If we see life as a fundamentally terrorizing, then it also changes how we think about mental health. Historically, we have thought of mental health treatment as the domain of the "ill." Today, though, in an era when therapy is more popular than ever, I would guess that most people seeing a therapist would not meet criteria for the more severe mental illnesses in the DSM. People are increasingly trying therapy because - simply - it is a very hard thing to be a human being. Every single person can benefit from someone who is warm, non-judgmental and really listens to them; and every single person deserves that gift. We all need help. Perhaps because we do experience a diagnosable mental illness but, more likely, because living is traumatic. Once we stop avoiding, and look within ourselves, we see oceans of pain. Oceanic suffering. And that's not because something has gone wrong with our lives. That's just the way things are.
I want to finish the story of the time when I slept in a eastern European forest in the rain. As befits this essay, the night was even worse that I've let on. As my friend and I were lying on the cold ground in the pouring rain, we were also swarmed by hordes of flies, which bit us mercilessly and left us with massive welts on our faces and arms. Eventually, the situation was so unbearable that our only option was to get up and walk through the night in search of some kind of shelter - a barn, a wall, something. We never did find shelter. We walked through the night and gave up on the hope of sleep. The entire time I cursed silently, and aloud, our entire dumbass, macho enterprise of walking across a country without a goddam tent.
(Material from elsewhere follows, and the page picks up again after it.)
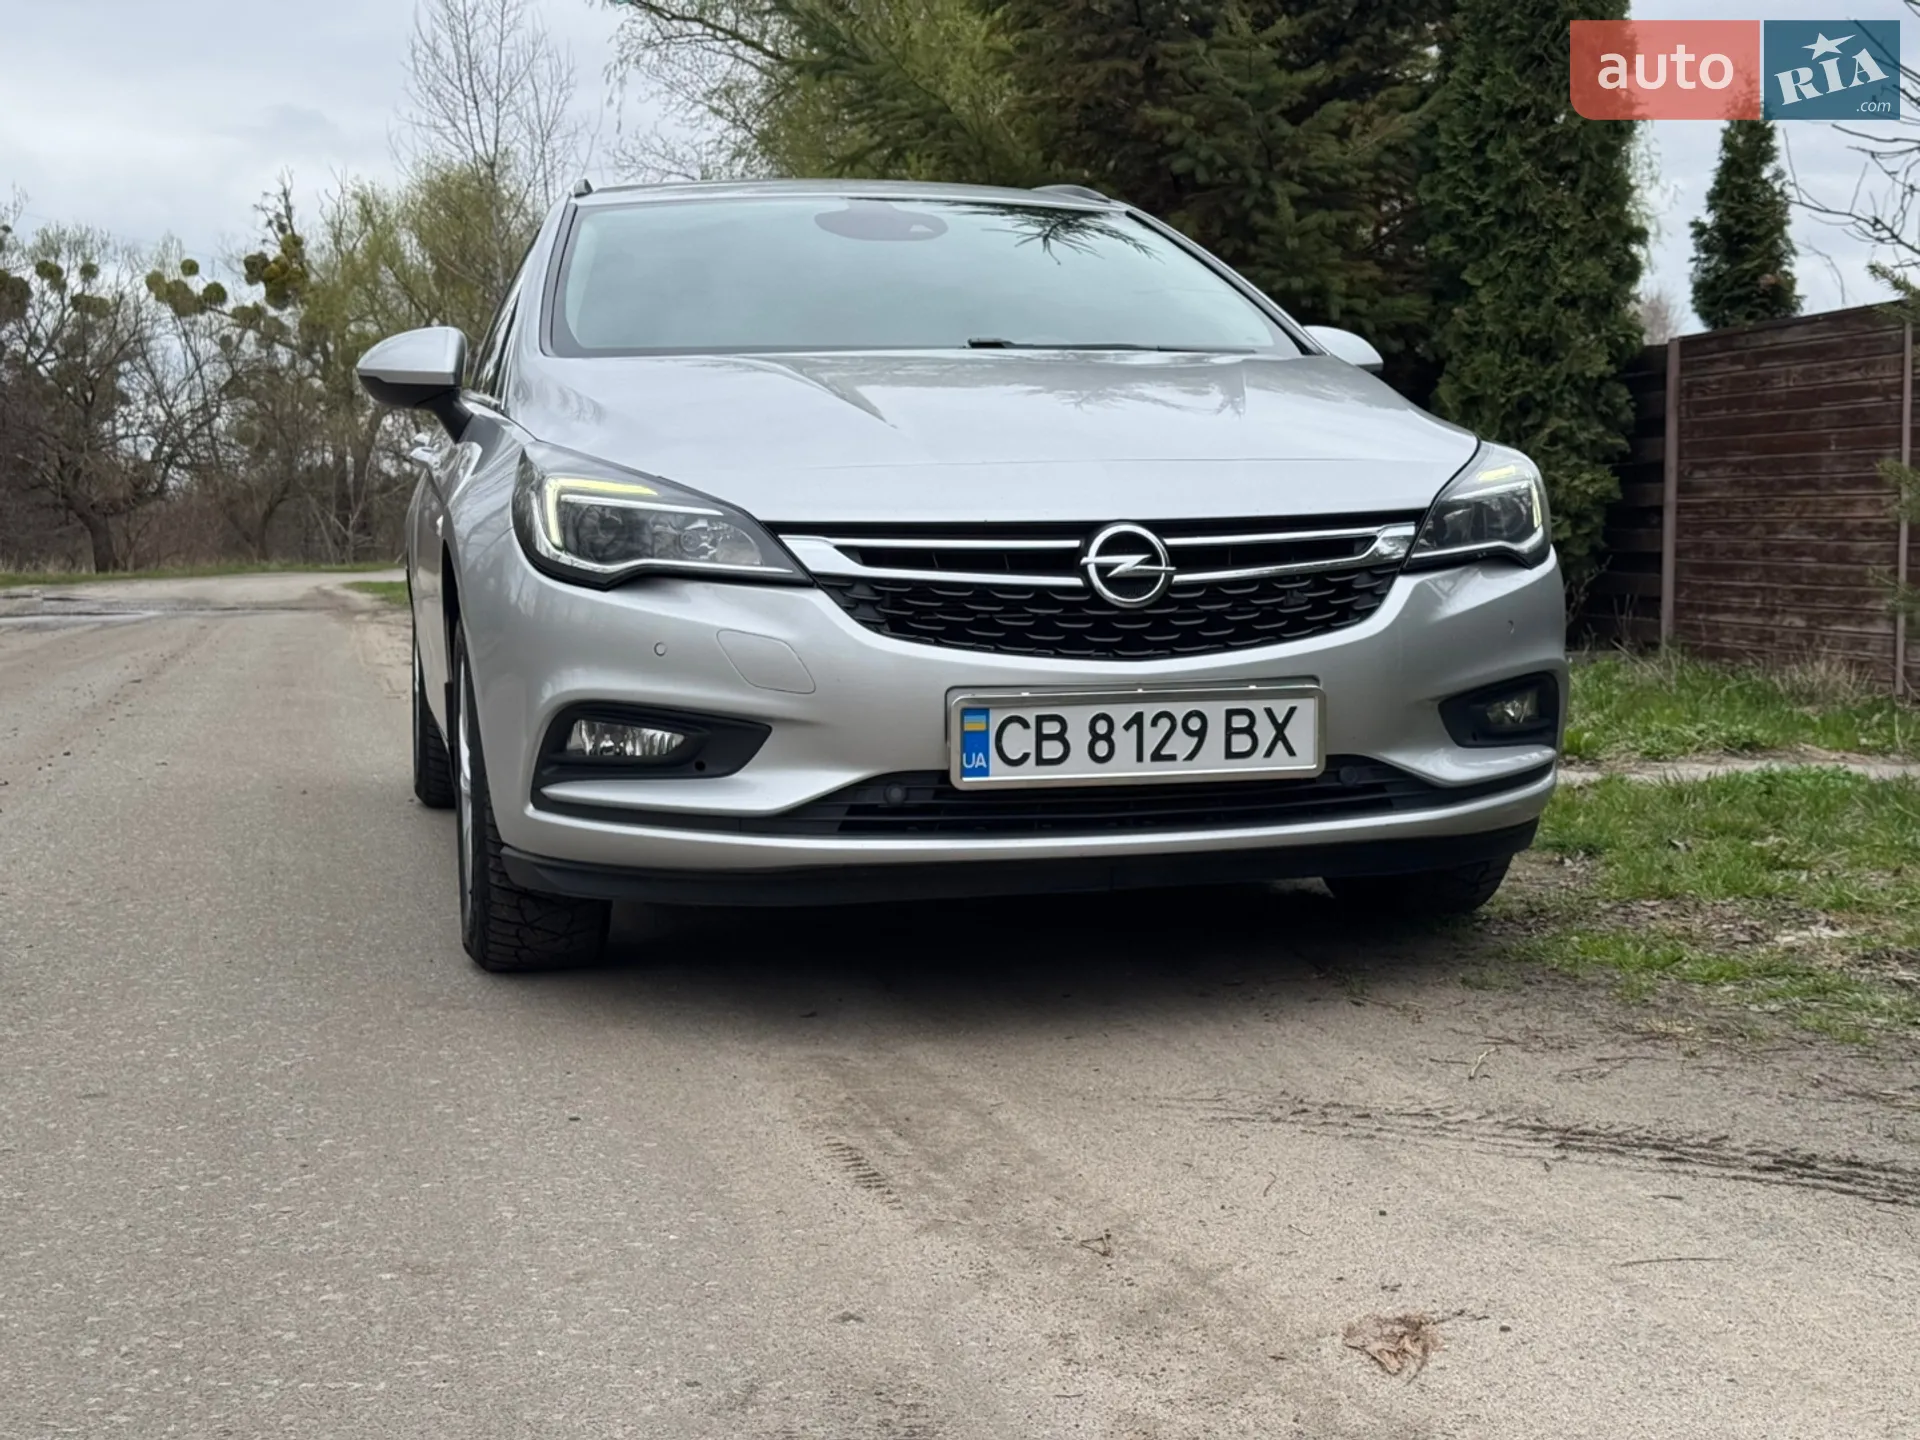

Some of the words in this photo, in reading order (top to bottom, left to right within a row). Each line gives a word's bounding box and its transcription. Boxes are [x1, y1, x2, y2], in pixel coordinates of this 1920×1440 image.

[994, 714, 1071, 767] CB
[1087, 709, 1209, 764] 8129
[1224, 706, 1298, 760] BX
[962, 752, 988, 769] UA
Eventually, the sun began to rise and, just as it did, we found ourselves walking into a small town. It was one of those charming European towns that make you feel like you're in a fairytale, and there was a kind of romance in passing through a sleeping city where no one is yet awake. In that early morning hour, we did notice one light on, the town's bakery. Cold, haggard, demoralized, we were desperate for anything that might comfort us. Warm bread, coffee, a place to sit. We knocked on the door. The bakery was not officially open yet, but the baker let us in with a big smile. I remember two things about the encounter with the baker. First, the warm rolls he offered us, which nearly brought tears to our eyes. More than that, though, I recall his flawless hospitality, the friendly way in which he greeted us. He asked us about our trip and offered encouragement. He shared some information about the area. It wasn't extravagant, just a very small moment of humanity, and yet a moment that lingers in my memory twenty years later. It is something to be welcomed when you're a stranger in a strange land.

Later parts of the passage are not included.